First, second and third-party data is not a tiered system. It’s the quality and transparency that matters, not the party label.
While “first-party” data will only ever belong to the company that sourced it, the data itself remains exactly the same as it’s passed from party to party.
It’s the same data.
Yet there’s a perception that these labels refer to three tiers of data quality – eg: “best”, “second best”, “last resort”.
So let’s clarify a few things.
First-party data:
This is when a publisher (or dating site, online store, ticketing, rate comparison site or any brand that’s able to gather rich, valuable and detailed specific consumer information) collects data about their existing audience.
That information is called “first-party data”. They collected and own the data.
Second-party data:
This is when a publisher shares their data in a one-on-one agreement with an advertiser. That information becomes the advertiser’s second-party data.
Second-party data presents opportunities for audience extension. Even those brands and publishers with their own owned and operated first-party data gathering assets will usually need to enhance their data set with some second -party information.
And they do this by acquiring second-party data in order to reach new customers. Not because they’re settling for any sort of “second best” data – but simply because they need data that they can’t acquire themselves.
Third-party data:
Then there’s the third-party data. Which is the exact same data as it was when it belonged to the first and second parties, only it’s being accessed by, or made accessible to, a third party.

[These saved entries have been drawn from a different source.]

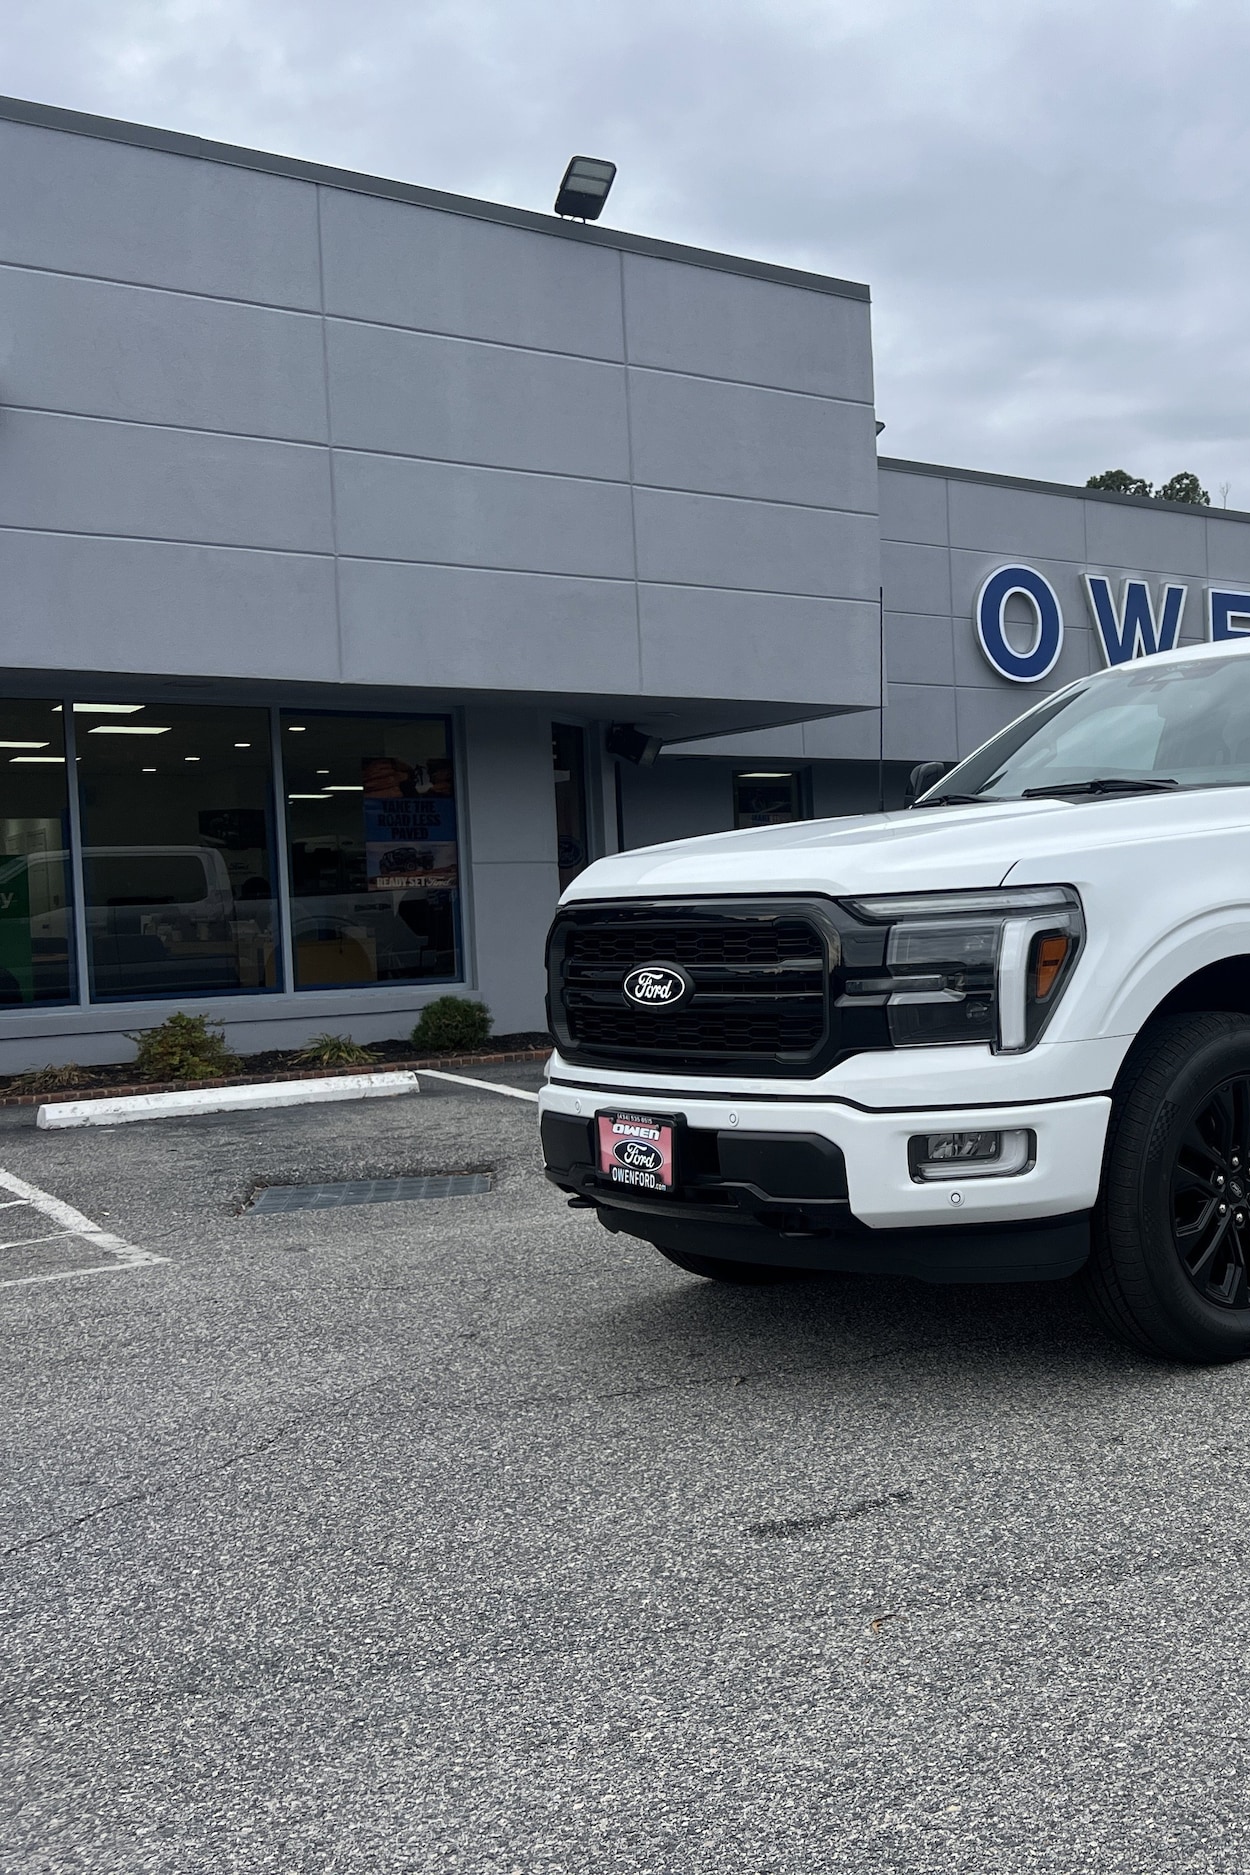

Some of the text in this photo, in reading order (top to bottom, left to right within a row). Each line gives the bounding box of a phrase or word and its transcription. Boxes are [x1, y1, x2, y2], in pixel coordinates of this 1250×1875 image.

[413, 800, 436, 813] THE
[378, 814, 441, 826] ROAD LESS
[392, 827, 429, 840] PAVED
[376, 875, 452, 888] READY SET Ford
[635, 972, 673, 999] Ford
[612, 1123, 660, 1140] OWEN
[624, 1142, 655, 1168] Ford

So there are effectively two third parties:
1) Those who buy data directly from second parties, and;
2) Data retailers who make data available to other third parties (ie. DMPs and data aggregators).
Understandably confusing.
The point is: the data itself does not change.
Does a brand new car become worth less between the factory and the dealership?
Raw data:
Another term often misused and confused in the data game.

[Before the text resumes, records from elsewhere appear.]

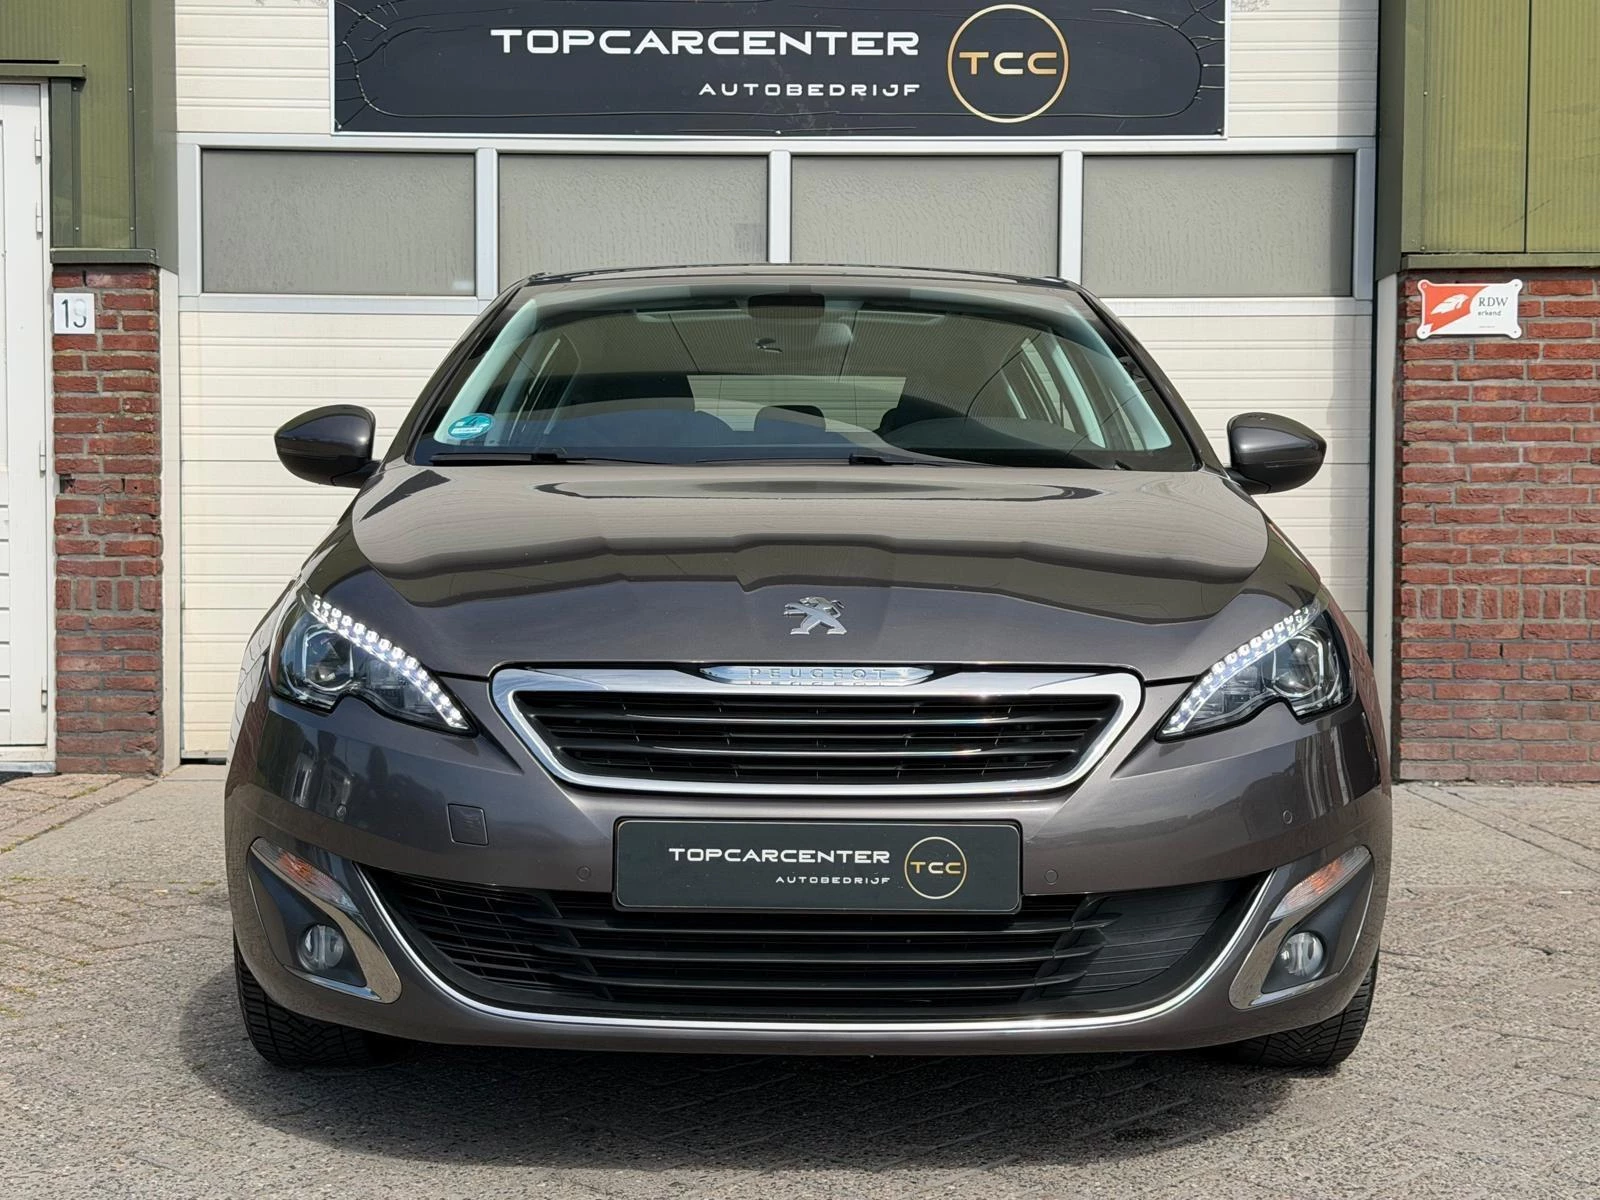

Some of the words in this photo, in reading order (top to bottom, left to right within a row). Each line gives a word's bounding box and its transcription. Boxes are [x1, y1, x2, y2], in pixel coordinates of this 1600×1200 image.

[490, 29, 920, 56] TOPCARCENTER
[959, 51, 1059, 75] TCC
[699, 82, 921, 98] AUTOBEDRIJF
[1478, 296, 1509, 307] RDW
[750, 667, 885, 679] PEUGEOT
[669, 848, 891, 864] TOPCARCENTER
[910, 861, 962, 875] TCC
[775, 876, 891, 885] AUTOBEDRIJF

“Raw data” is just another term for “first-party” data.
It seemingly doesn’t belong to any party and is often perceived as being incomplete if used on its own. The perception is that raw data needs modelling and cross-referencing in order to become useful.
Raw data is actually just first-party data that hasn’t yet been cross-referenced or modelled.
All data starts out as raw or first-party data.
The lowdown:
We should acknowledge that first-party data is awesome and if you are not collecting and using it properly, then you are missing out on a massive opportunity to learn more about your audience.
However, first-party by itself has limitations – especially if you are prospecting for new customers. If you have only first-party data, you have only a limited view of your existing customers, based solely on interactions with your brand alone.
Second and third-party data enhances your view of the world, providing more rounded insights into these peoples’ interactions broadly across the web. This additional information can build profiles of your audience as actual human beings, rather than just silhouettes behind a screen.
In programmatic environments the more data you have to work with, the better. Automated trading with first-party data alone could well limit your scope for new business.
And, finally, data has to be reputable and accurate. But whether you sourced it from your own owned and operated data-gathering assets, or you acquire this data, it’s not ‘second hand’.
It’s the same data.
The credibility of data is dependent on its sources and transparency of collection and definition – not the label.
If you are a buyer, my advice is to check all your sources. It doesn’t matter who you’re buying data from, do your due diligence on the data collection process. The data party label means absolutely nothing.